Saturday 3 August 2013

Vandalized Lincoln 'Can Stand Adversity'

Yesterday police charged a 58-year-old woman with defacing a pipe organ at the Washington National Cathedral. She has been questioned about similar vandalism at the Lincoln Memorial and Smithsonian Castle last week.

All three locations were spattered with green paint, and police will test samples from each.

While the cost of the damage at the Lincoln Memorial has not been estimated, the removal and repair at the Washington National Cathedral could cost $15,000. It turns out that cleaning off paint from an artistic or historic icon is not as simple as grabbing a sponge and some dish soap.

National Park Service spokesperson Carol Johnson has been overseeing the cleanup at the Lincoln Memorial, where 90 percent of the paint has already been removed from the statue. She spoke with National Geographic about the conservation process.

Why is it so difficult to remove the paint?

Mostly because it is a historic icon that is made of white Georgia marble and has to be protected. We always start with the gentlest cleaner. We started with a first washing with water. Then we started using products that are conservator-approved. And this is all being overseen by an architectural preservationist.

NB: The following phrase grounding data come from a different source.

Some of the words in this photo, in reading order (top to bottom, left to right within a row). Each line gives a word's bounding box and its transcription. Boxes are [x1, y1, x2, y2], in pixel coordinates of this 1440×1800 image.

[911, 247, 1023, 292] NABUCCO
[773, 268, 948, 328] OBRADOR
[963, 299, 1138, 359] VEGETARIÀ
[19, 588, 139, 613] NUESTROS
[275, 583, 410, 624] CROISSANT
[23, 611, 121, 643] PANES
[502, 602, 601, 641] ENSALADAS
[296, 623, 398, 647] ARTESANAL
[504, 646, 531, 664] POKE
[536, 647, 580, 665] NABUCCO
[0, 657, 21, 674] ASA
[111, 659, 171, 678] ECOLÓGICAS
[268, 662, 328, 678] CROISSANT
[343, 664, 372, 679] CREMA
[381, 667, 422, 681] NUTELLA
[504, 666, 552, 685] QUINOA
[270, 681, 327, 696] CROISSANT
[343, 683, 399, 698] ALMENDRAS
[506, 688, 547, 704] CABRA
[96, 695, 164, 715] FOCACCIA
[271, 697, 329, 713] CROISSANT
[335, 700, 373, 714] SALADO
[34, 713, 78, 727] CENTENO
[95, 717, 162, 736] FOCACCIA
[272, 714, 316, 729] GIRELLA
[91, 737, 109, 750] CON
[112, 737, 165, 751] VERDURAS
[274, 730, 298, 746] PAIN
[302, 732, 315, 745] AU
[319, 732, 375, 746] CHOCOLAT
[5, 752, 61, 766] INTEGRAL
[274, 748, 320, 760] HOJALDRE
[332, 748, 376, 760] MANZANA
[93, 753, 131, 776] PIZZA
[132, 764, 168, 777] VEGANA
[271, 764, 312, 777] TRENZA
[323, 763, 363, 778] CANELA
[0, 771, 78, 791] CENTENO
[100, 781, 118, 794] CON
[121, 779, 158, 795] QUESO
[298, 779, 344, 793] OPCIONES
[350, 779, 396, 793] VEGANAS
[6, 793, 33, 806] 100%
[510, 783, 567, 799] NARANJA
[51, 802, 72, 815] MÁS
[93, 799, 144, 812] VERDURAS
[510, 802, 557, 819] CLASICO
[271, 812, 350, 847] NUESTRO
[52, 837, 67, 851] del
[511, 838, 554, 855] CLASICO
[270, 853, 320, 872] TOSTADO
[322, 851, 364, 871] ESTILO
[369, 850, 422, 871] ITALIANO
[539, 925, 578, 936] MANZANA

Also, the workers are not just laborers. They're people who have worked on these taller memorials for years and years. We have to be very, very gentle with the stone so it isn't harmed at all. We leave the cleaner on for 24 hours, wash it off, see how it is, and then we go to the next level.

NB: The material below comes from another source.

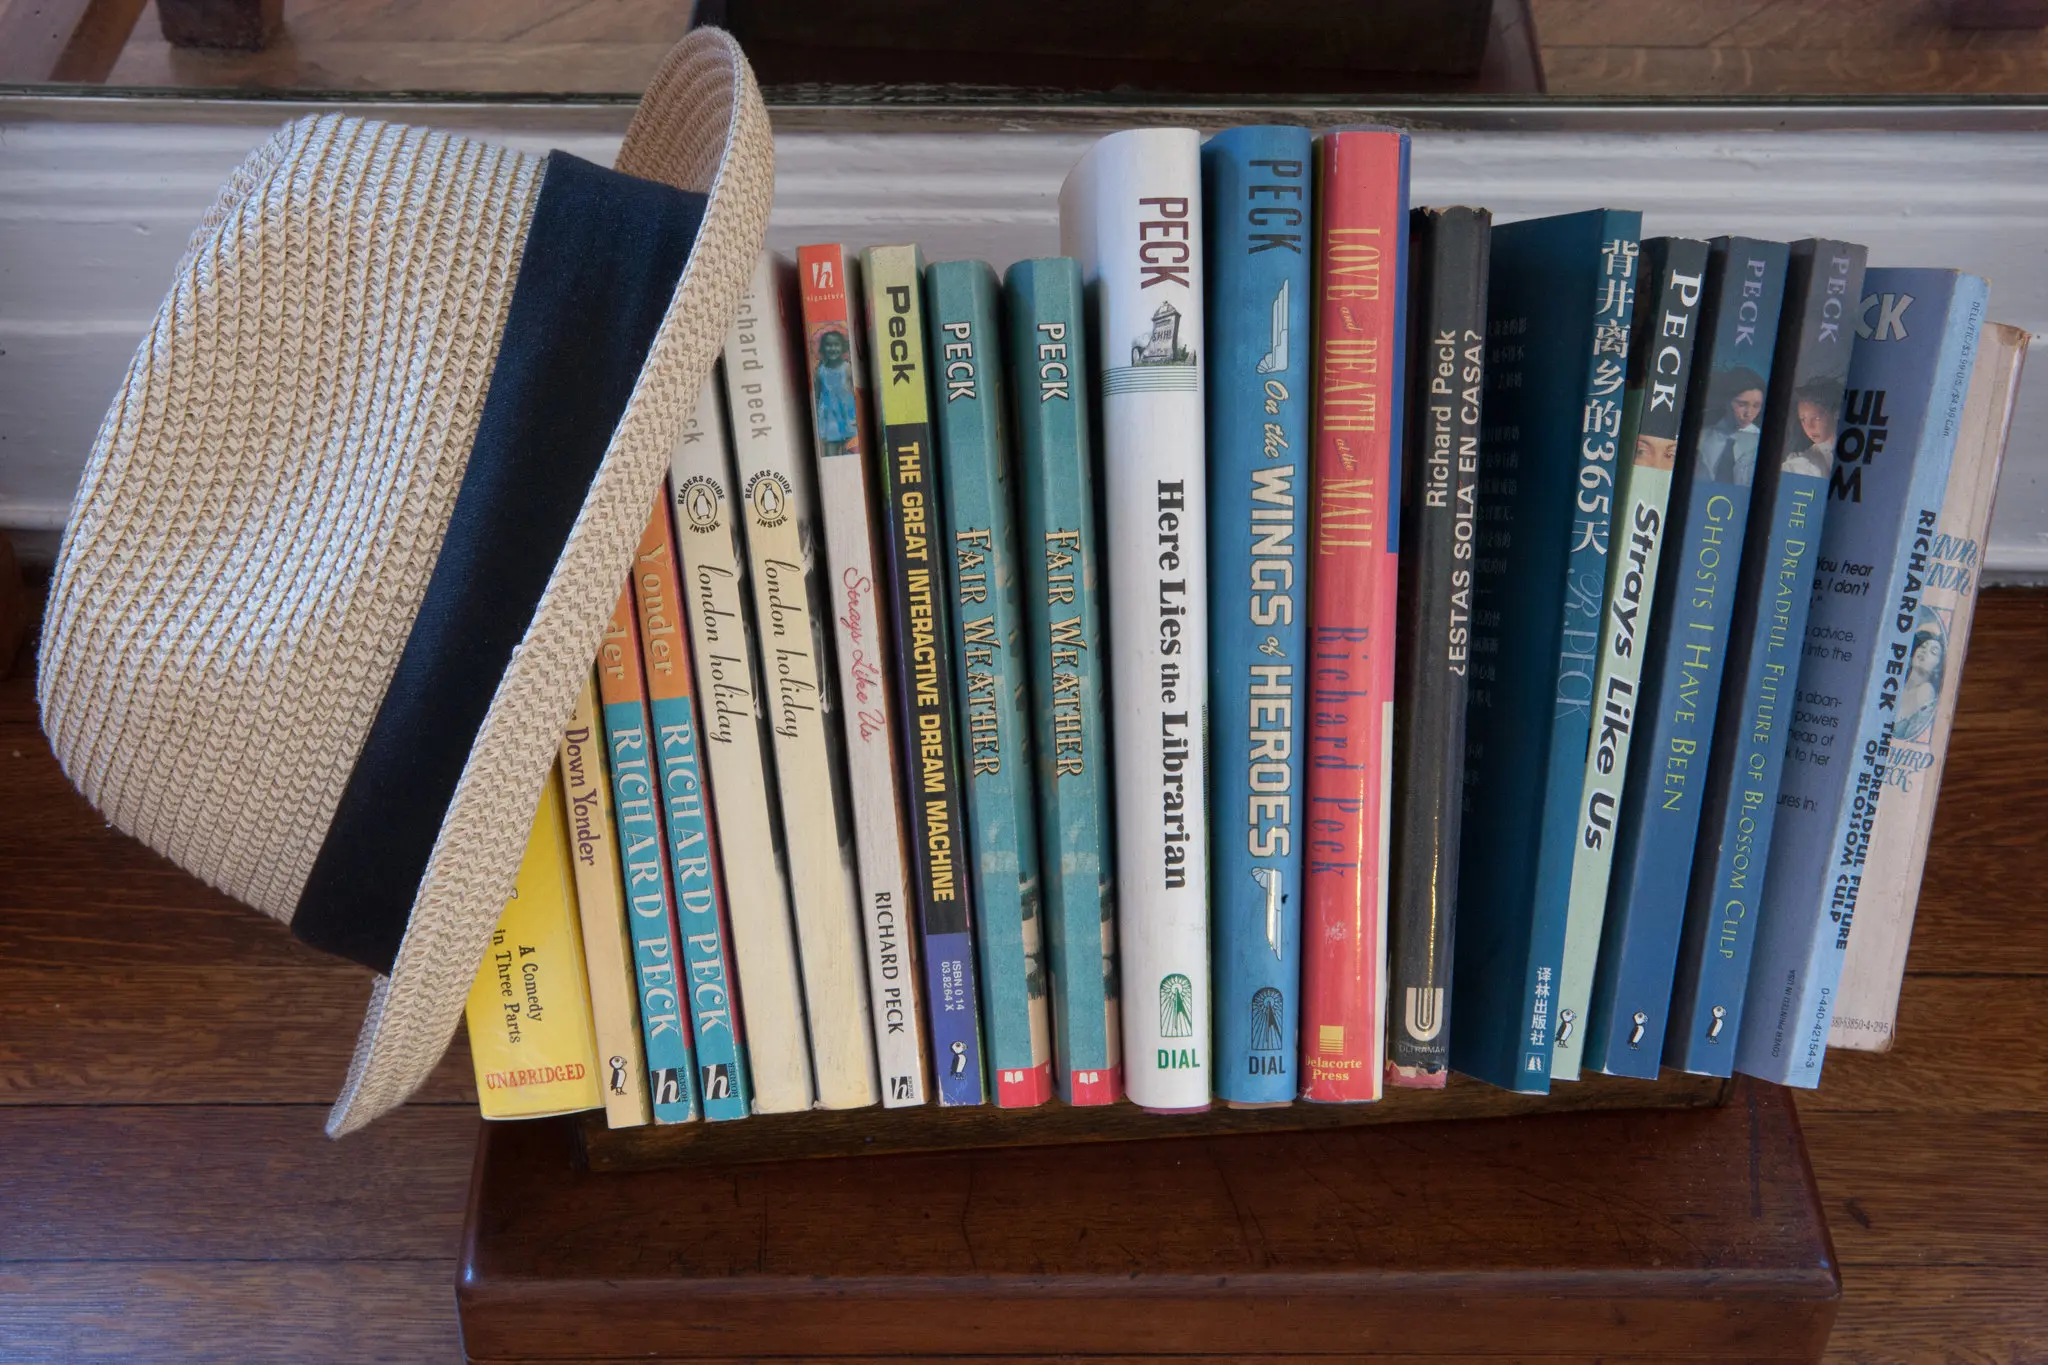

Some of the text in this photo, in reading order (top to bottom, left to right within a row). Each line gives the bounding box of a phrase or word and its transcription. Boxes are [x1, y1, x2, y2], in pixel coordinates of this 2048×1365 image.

If you started with a stronger cleaner, would there be more of a risk to the stone?

Yes. We don't put anything on that we haven't evaluated and analyzed. All of that takes time.

What we're using right now is a substance that actually puts oxygen under layers of paint and then you can wash it off. Each layer is going to take some time. So they're going to have to do several applications to make it work.

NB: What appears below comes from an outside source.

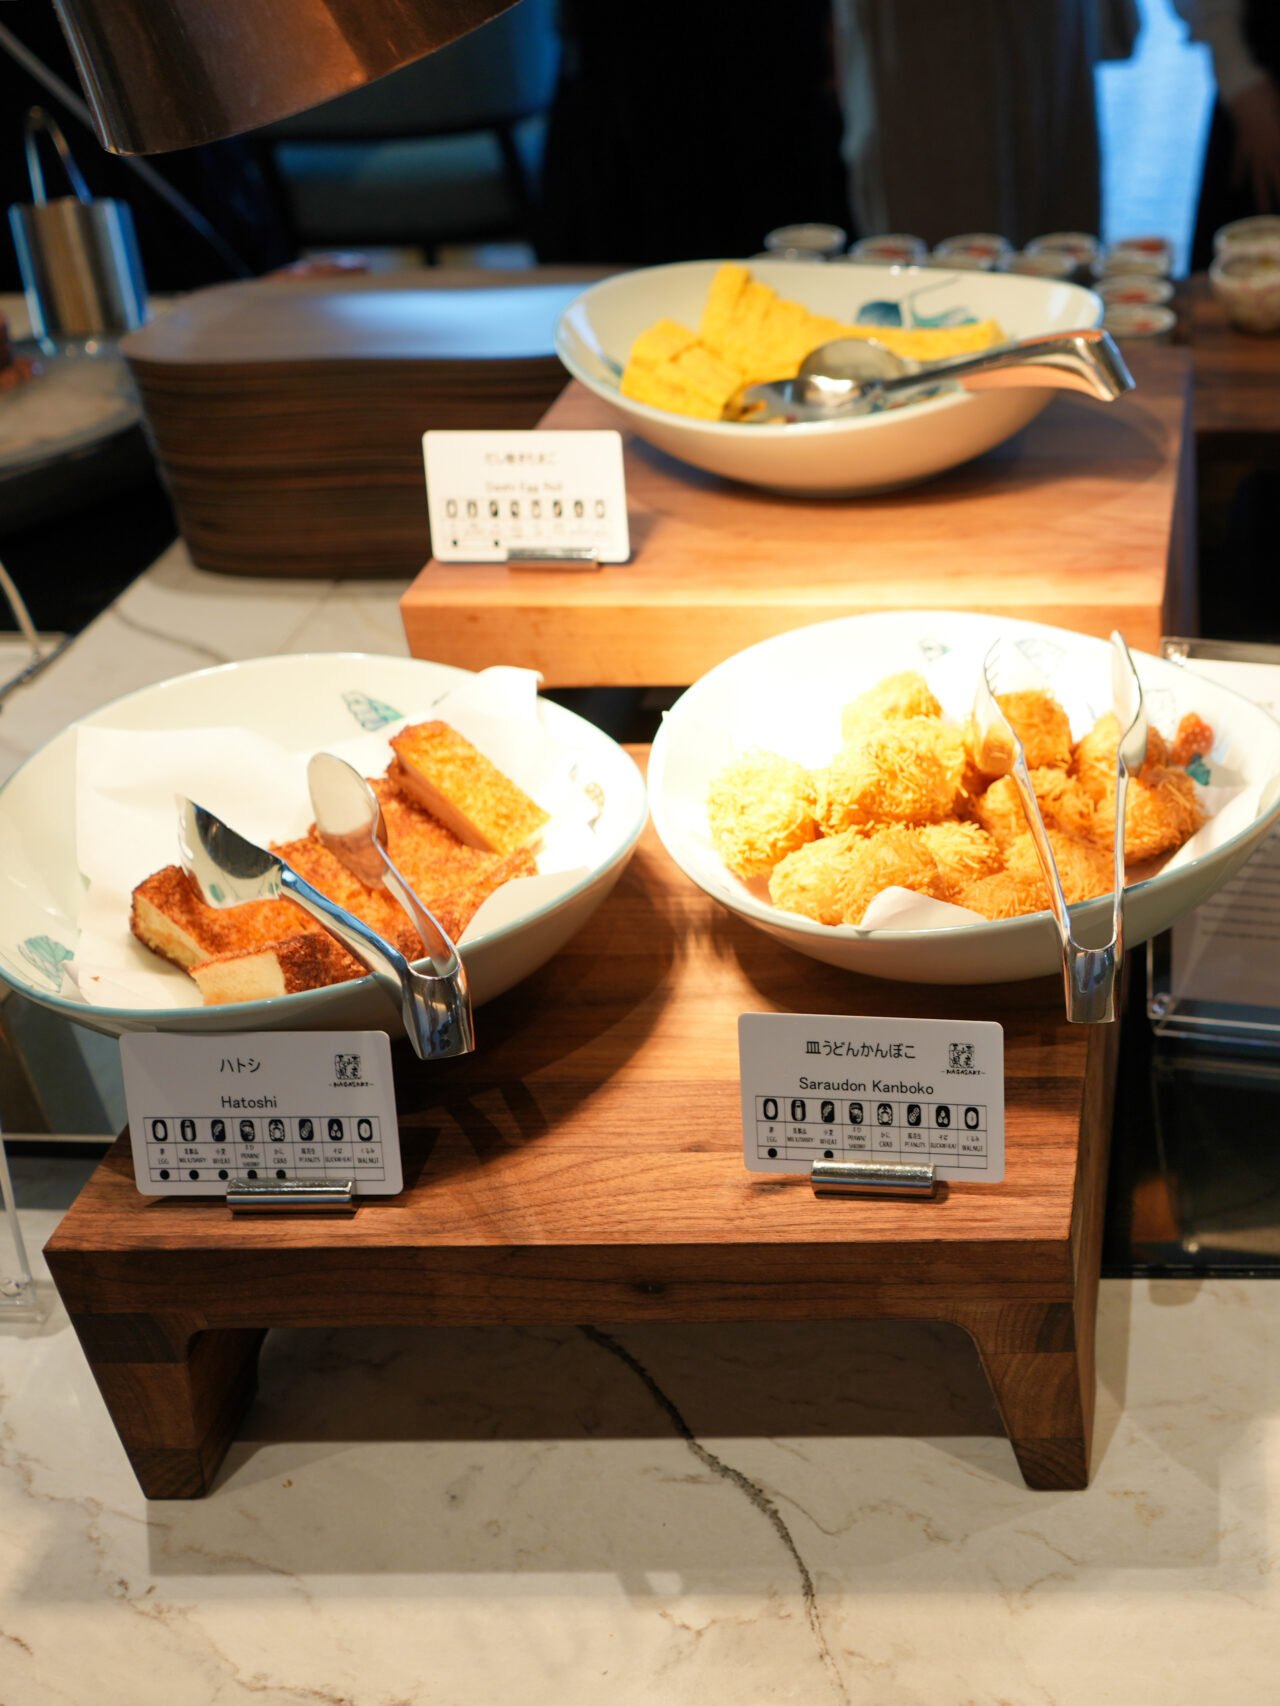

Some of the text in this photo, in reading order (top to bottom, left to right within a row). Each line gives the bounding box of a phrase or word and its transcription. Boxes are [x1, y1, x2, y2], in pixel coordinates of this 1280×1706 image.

[805, 1040, 916, 1060] 皿うどんかんぼこ
[220, 1057, 261, 1073] ハトシ
[799, 1077, 934, 1095] Saraudon Kanboko
[221, 1096, 277, 1109] Hatoshi

What are the workers using now?

Right now they're using something called MasonRE. What they use is dependent on the stone. This is marble, but they also work on granite.

They brought this one in for this particular job. But they're evaluating other ones. And they've got to look at the literature, make sure they do tests on it before. So it's a very painstaking, deliberative process.

How do you test and analyze these products?

We wouldn't take something and test it on the statue. We would test it elsewhere to make sure it does what we want without harming the marble.

Is it tested in a lab?

That's done by the company that makes it and then we look at their test results. And a lot of this is stuff we've used in the past too.

How many people have been working on cleaning up Lincoln?

There's a lot of man-hours that have gone into this. Right now we have a special events crew putting up the finishing touches on the scaffolding. We have the preservation crew. We have an architectural preservationist. We have somebody doing historical photography. So it's a lot of man-hours.

Is vandalism of the memorials common?

We get graffiti in some places, but this one in particular is highly unusual, not only because of the location but because of the amount. Quite a bit of it was splashed on the statue.

What other famous monuments have been vandalized like this?

The Lincoln Memorial was vandalized in 1962, a hundred years after the Emancipation Proclamation. There was a racial epithet put on the back of it in big pink letters. Generally the kind of things we clean are much smaller and not as serious.

This interview has been edited and condensed.